> **Source records**:
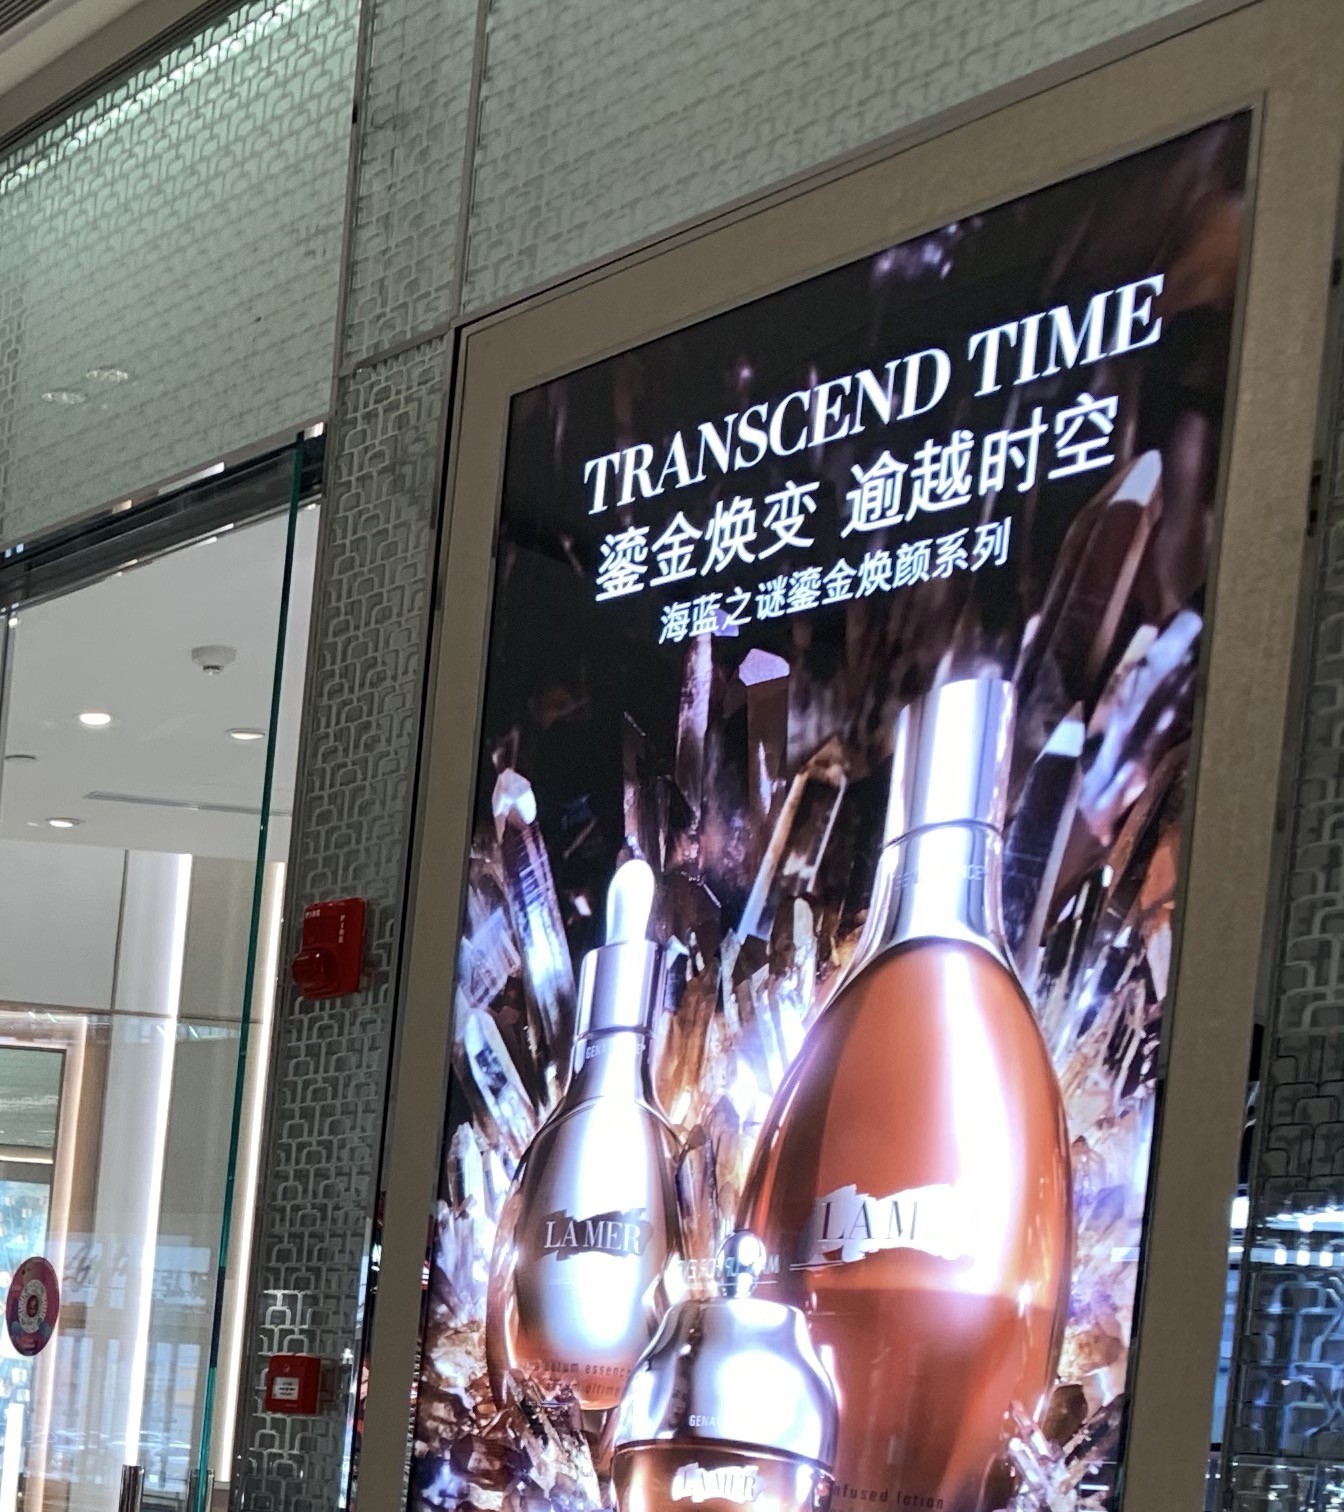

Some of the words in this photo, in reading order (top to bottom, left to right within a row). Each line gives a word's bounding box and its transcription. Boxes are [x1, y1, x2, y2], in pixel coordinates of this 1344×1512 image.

[583, 348, 952, 515] TRANSCEND
[969, 274, 1164, 398] TIME
[595, 480, 822, 602] 鎏金焕变
[841, 393, 1119, 540] 逾越时空
[658, 516, 1013, 645] 海蓝之谜鎏金焕颜系列
[543, 1220, 579, 1249] LA
[583, 1220, 641, 1254] MER
[816, 1200, 875, 1241] LA
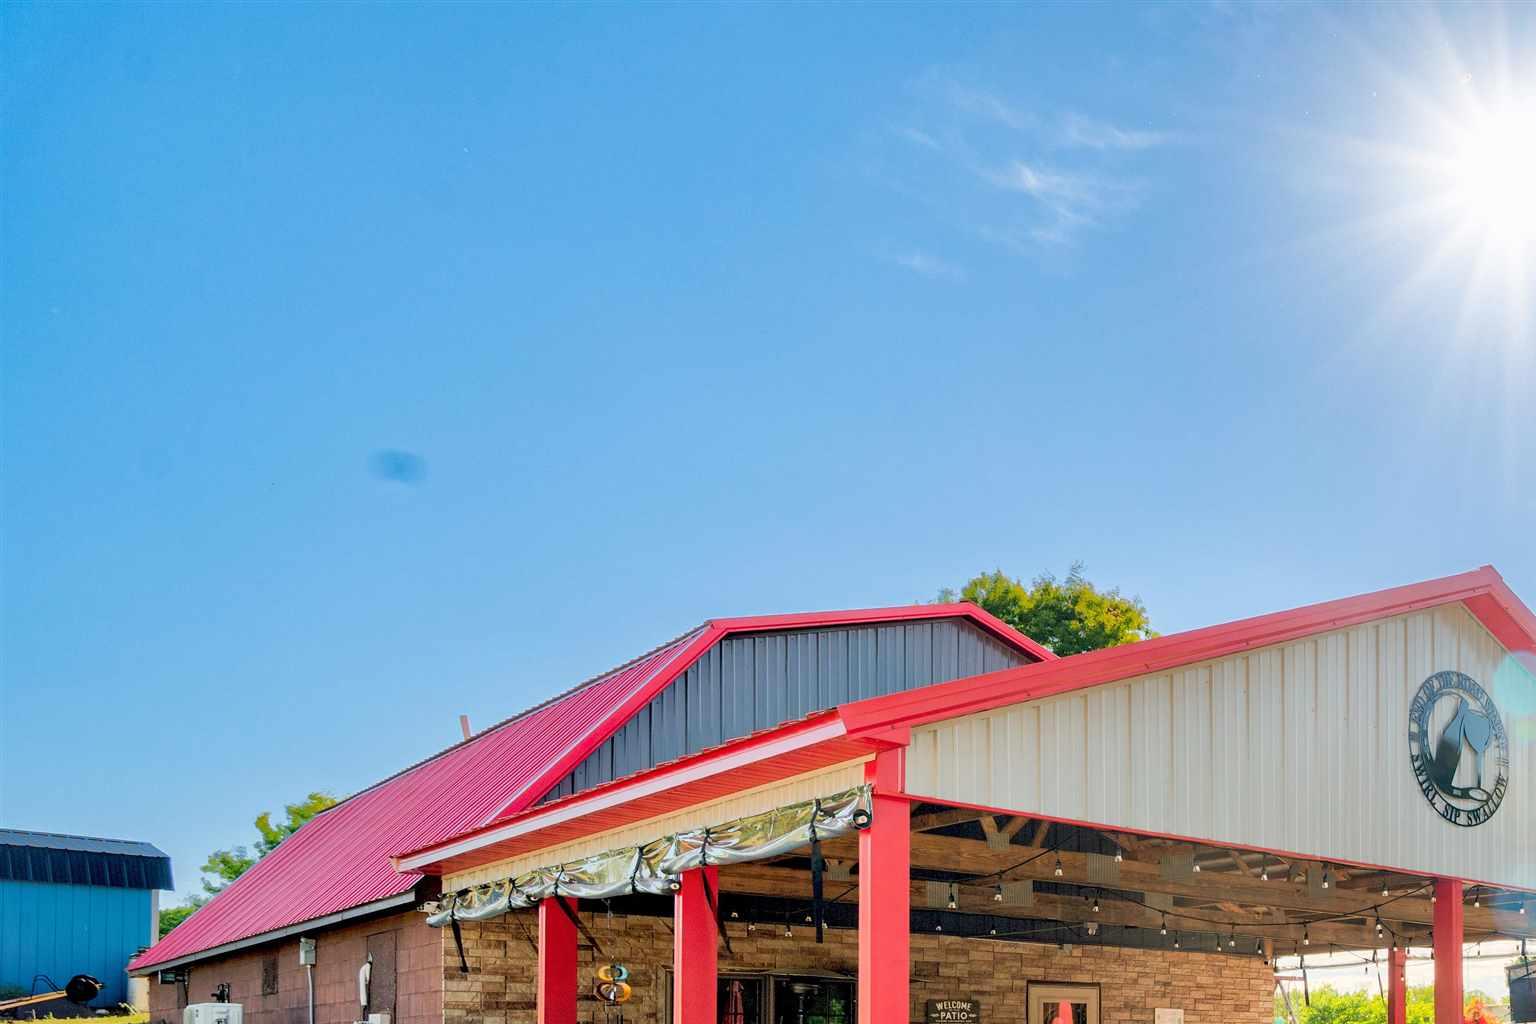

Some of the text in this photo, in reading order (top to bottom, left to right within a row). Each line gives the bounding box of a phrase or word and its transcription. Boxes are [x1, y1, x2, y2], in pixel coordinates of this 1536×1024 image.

[1443, 803, 1461, 823] SIP
[936, 1001, 972, 1011] WELCOME
[940, 1012, 968, 1020] PATIO
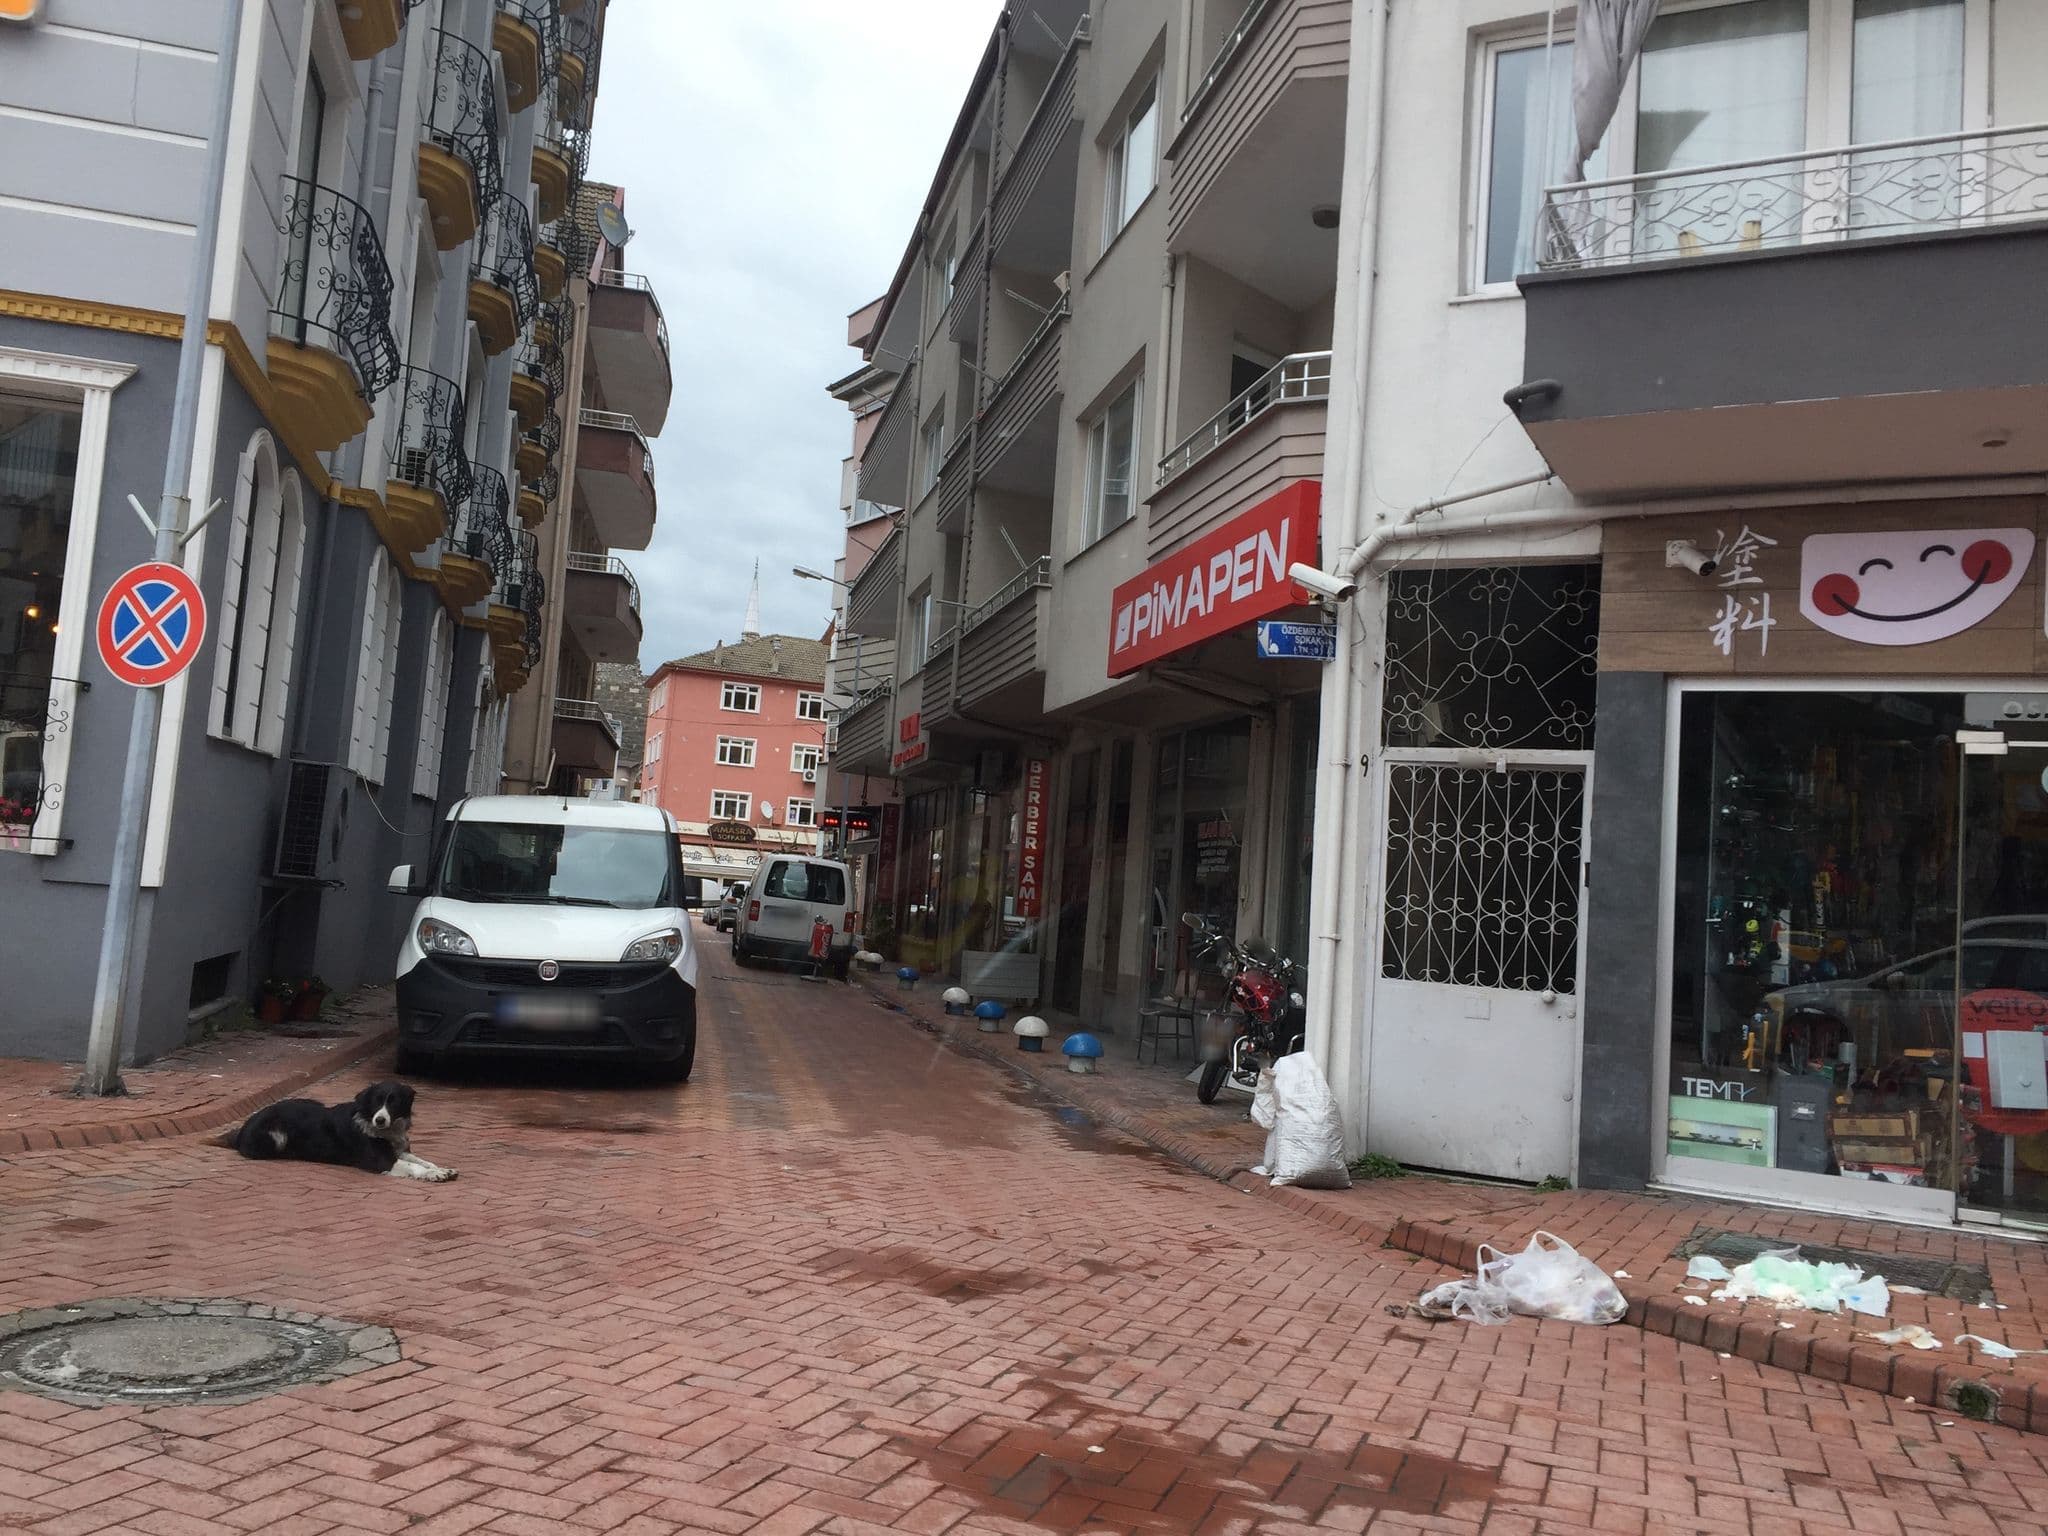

> **Requirement**: What is needed is the data above, retyped exactly, with every picture left out.

> **Answer box**:
Some of the words in this photo, in reading order (top to bottom, left to right within a row). Each line gives a word's bounding box and its transcription. Boxes are [x1, y1, x2, y2], in pixel coordinates of this 1344×1512 image.

[583, 348, 952, 515] TRANSCEND
[969, 274, 1164, 398] TIME
[595, 480, 822, 602] 鎏金焕变
[841, 393, 1119, 540] 逾越时空
[658, 516, 1013, 645] 海蓝之谜鎏金焕颜系列
[543, 1220, 579, 1249] LA
[583, 1220, 641, 1254] MER
[816, 1200, 875, 1241] LA

Some of the text in this photo, in reading order (top to bottom, left to right within a row). Each line gives the bounding box of a phrase or word and its transcription. Boxes are [x1, y1, x2, y2], in pixel coordinates of this 1536×1024 image.

[1443, 803, 1461, 823] SIP
[936, 1001, 972, 1011] WELCOME
[940, 1012, 968, 1020] PATIO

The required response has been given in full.